Show HN: TXT OS – Open-Source AI Reasoning, One Plain-Text File at a Time
I'm excited to share TXT OS — an open-source AI reasoning engine that runs entirely inside a single `.txt` file.
- No installs, no signup, no hidden code — just copy-paste the file into any LLM chat window (GPT, Claude, Gemini, etc.). - +22.4% semantic accuracy, +42.1% reasoning success, and 3.6× more stability (benchmarked on GSM8K and Truthful-QA). - Features Semantic Tree Memory, Hallucination Shield, and fully exportable logic. - MIT Licensed, zero tracking, zero ads.
Why did I build this? I wanted to prove that advanced reasoning and memory could be made open, portable, and accessible to anyone — just with pure text, no software or setup.
A note: I'm from China, and English is not my first language. This post and the docs were partly assisted by AI, but I personally reviewed and approved every line of content. All ideas, design, and code are my own work. If anything is unclear or could be improved, I really welcome your feedback!
I'm the author, and happy to answer any questions or suggestions here!
1. How does TXT OS store its “Semantic Tree Memory” between sessions? 2. When `kbtest` detects a hallucination, what happens next? 3. Any idea of the speed impact on smaller models like LLaMA-2-13B?
Thanks for sharing—excited to try it out!
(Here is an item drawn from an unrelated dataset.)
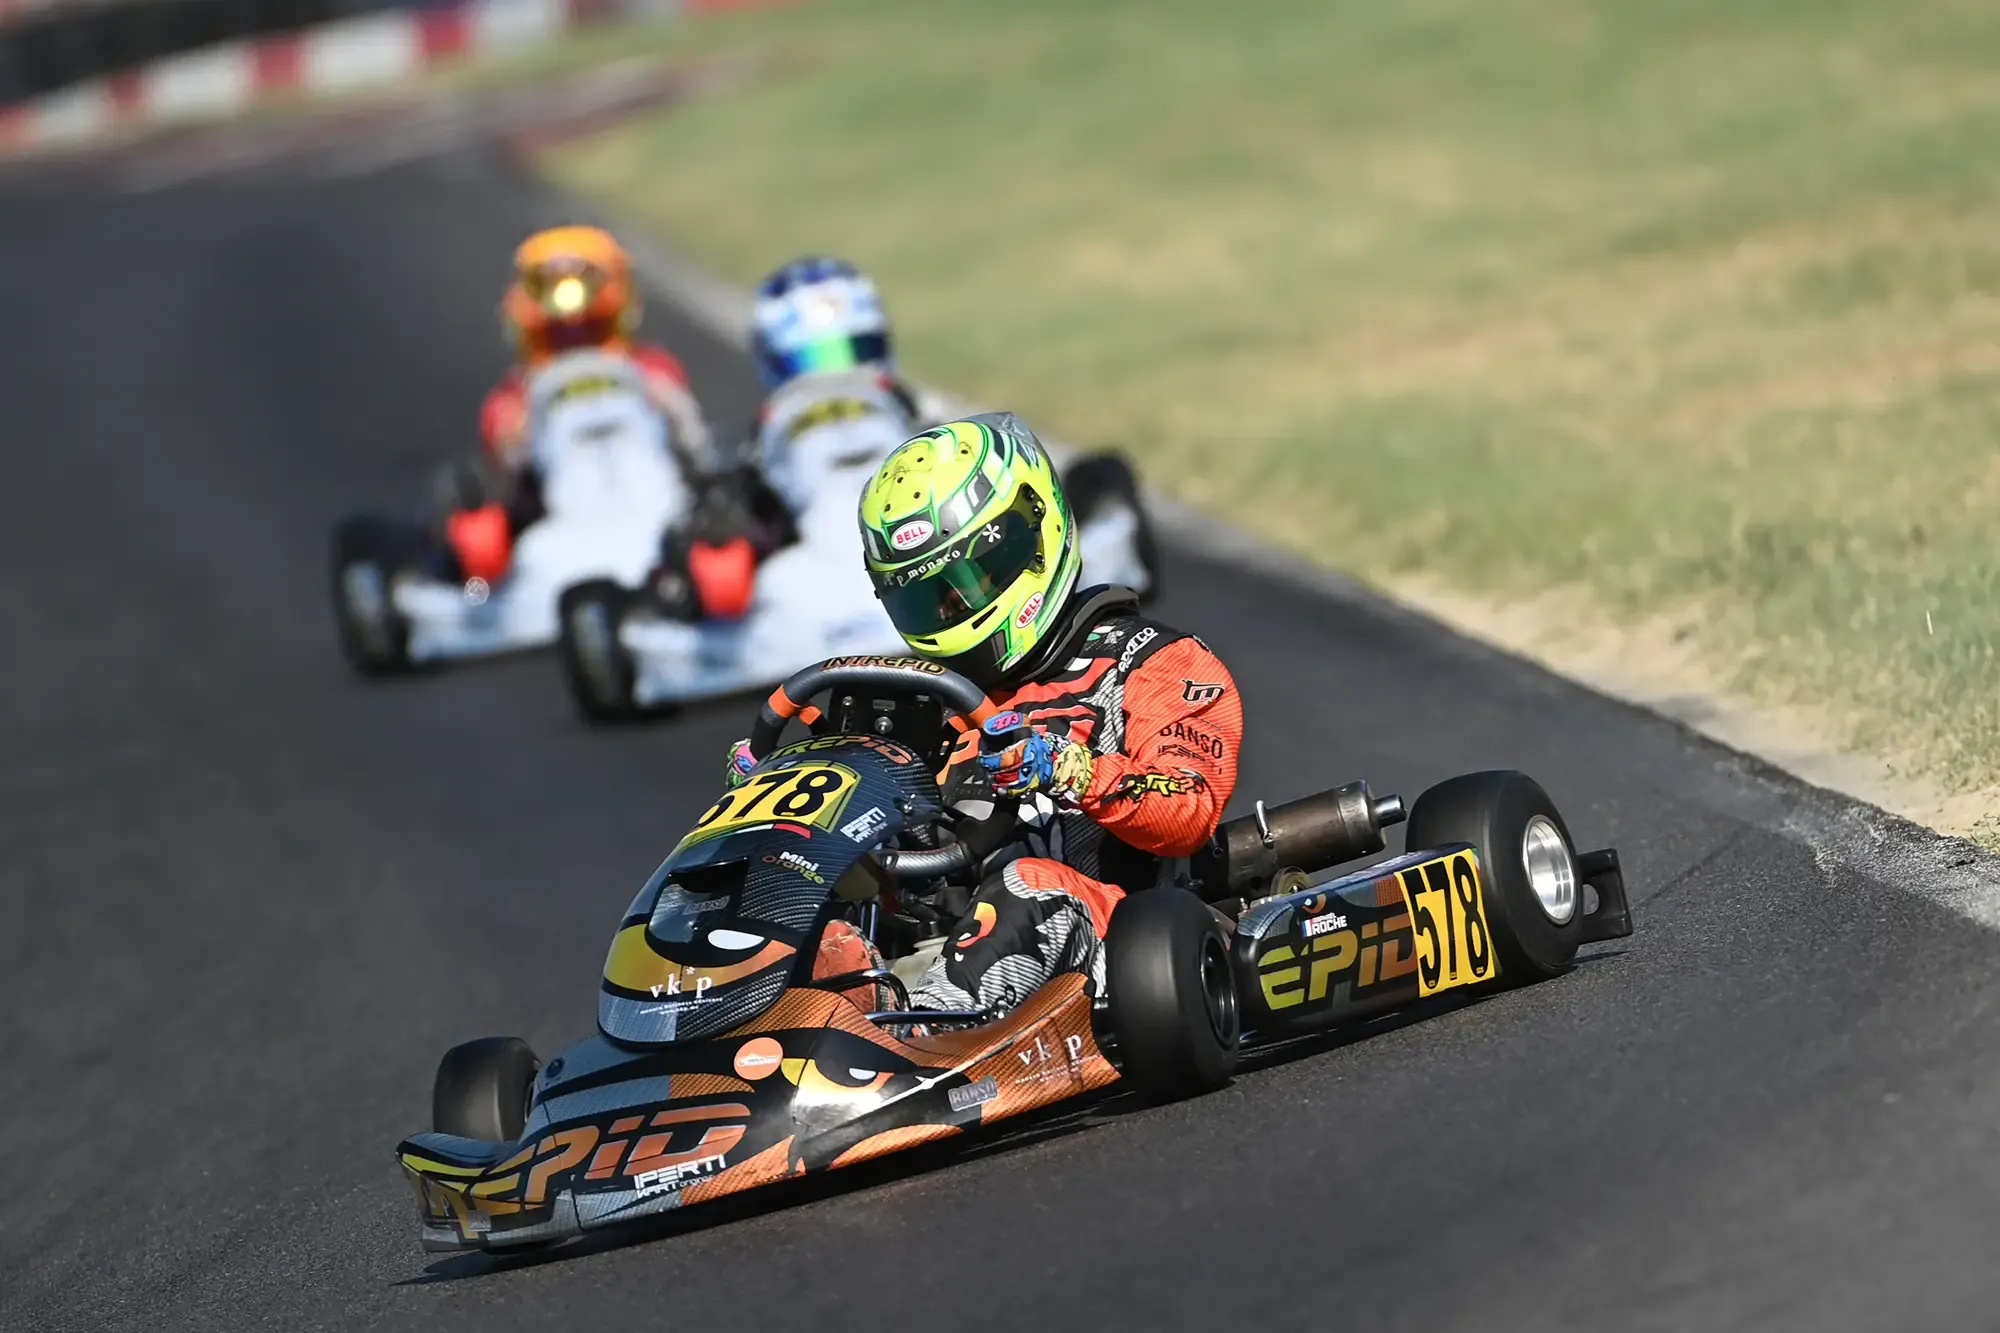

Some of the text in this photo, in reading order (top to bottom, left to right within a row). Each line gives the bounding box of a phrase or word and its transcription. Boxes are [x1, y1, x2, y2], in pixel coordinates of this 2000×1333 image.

We actually serialize the tree as a compact JSON-like structure right in the TXT file—each node gets a header like #NODE:id and indented subtrees. When you reload, TXT OS parses those markers back into your LLM’s memory map. No external DB needed—just plain text you can copy-paste between sessions.
--- When kbtest Fires
Internally it tracks our ΔS metric (semantic tension). Once ΔS crosses a preset threshold, kbtest prints a warning and automatically rolls you back to the last “safe” tree checkpoint. That means you lose only the bad branch, not your entire session. Think of it like an undo button for hallucinations.
--- Performance on LLaMA-2-13B
Benchmarks were on GPT-4, but on a 13B model you’ll see roughly a 10–15% token-generation slow-down thanks to the extra parsing and boundary checks. In practice that’s about +2 ms per token, which most folks find an acceptable trade-off for the added stability.
Hope that clears things up—let me know if you hit any weird edge cases!
does TXT OS work equally well with open-source models, or is it optimized more for models like GPT-4 or Claude?
I've actually tested TXT OS with about 10 different AIs already—you can check out the full rundown on my repo. Generally, ChatGPT, Grok, Claude, and Perplexity gave the smoothest and best experience. The others still work fine, but some, like Gemini, have minor quirks (Gemini randomly adds a weird parameter during initial setup, but it sorts itself out after the first step).
So, long story short, if you want a hassle-free experience, go with ChatGPT, Grok, Claude, or Perplexity!
Each formula plays a role in making the LLM more stable, coherent, and logically self-aware:
• = I - G + mc² defines semantic residue — how far the current output strays from meaning. • BigBig(G) recombines context & error to steer output back toward intent. • BBCR detects collapse and triggers reset → rebirth (like fail-safe logic). • BBAM models attention decay — restoring continuity over multiple steps.
Together, this makes the LLM act less like autocomplete… and more like a self-guided reasoner.